Full disclosure: I am not a statistician, nor do I claim to be one. I am a lowly IT administrator. Please play gentle with me. :)
I am responsible for collecting and forecasting disk storage use for our enterprise. We collect our storage use monthly and use a simple rolling twelve month linear regression for forecasts (in other words, only the previous twelve months of data are considered when making a projection). We use this information for allocation and capital expense planning, e.g. "Based on this model, we will need to purchase x amount if storage in y months to meet our needs." This all works well enough to suit our needs.
Periodically, we have large one-time movements in our numbers that throws the forecasting off. For example, someone finds 500GB of old backups that aren't needed anymore and deletes them. Good for them for reclaiming the space! However our forecasts are now skewed way off by this large drop in one month. We have always just accepted that a drop like this takes 9-10 months to make its way out of the models, but that can be a really long time if we are entering capital expense planning season.

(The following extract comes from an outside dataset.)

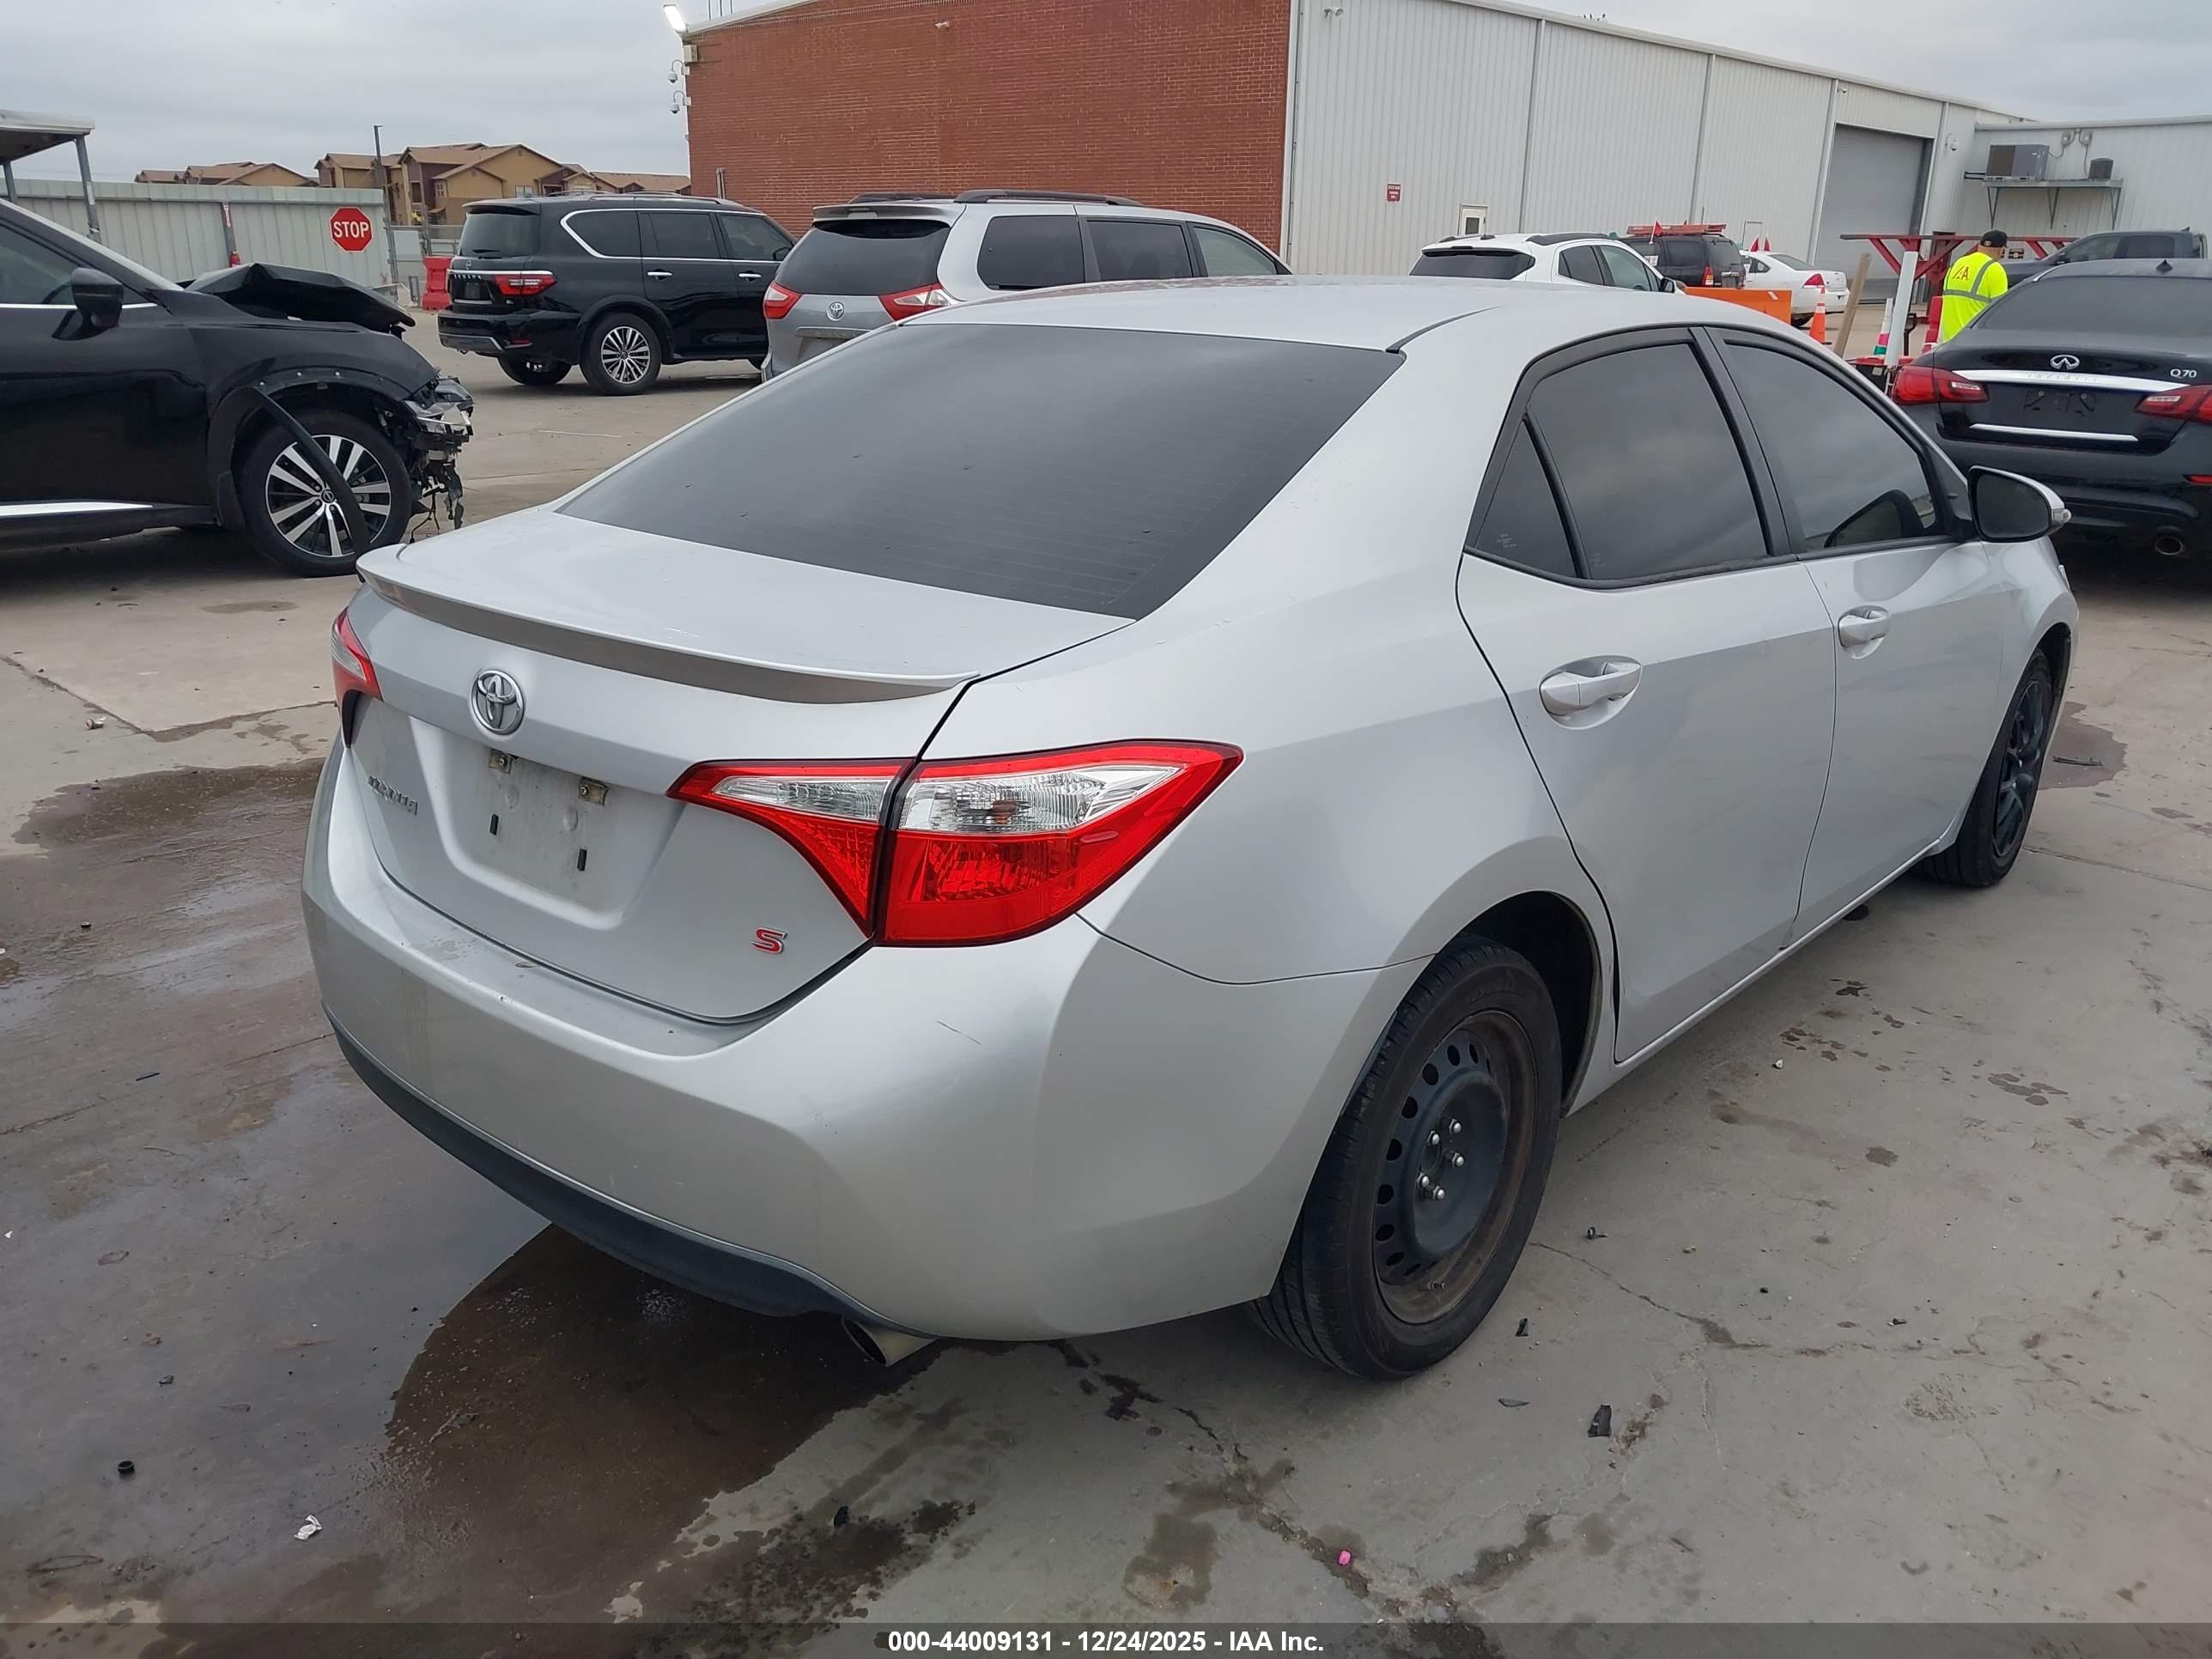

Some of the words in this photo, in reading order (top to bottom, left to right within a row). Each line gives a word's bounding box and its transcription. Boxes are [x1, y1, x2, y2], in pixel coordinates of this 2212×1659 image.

[334, 221, 369, 238] STOP
[2170, 368, 2197, 379] Q70
[750, 927, 788, 954] S

I'm wondering if there is a way to handle these one-time variances such that the forecasted values aren't impacted as much (e.g. the slope of the line doesn't change as dramatically), but they are taken into account (e.g. a one-time change in the y-value associated with a particular point in time). Our first attempts at tackling this have yielded some ugly results (e.g. exponential growth curves). We do all of our processing in SQL Server if that matters.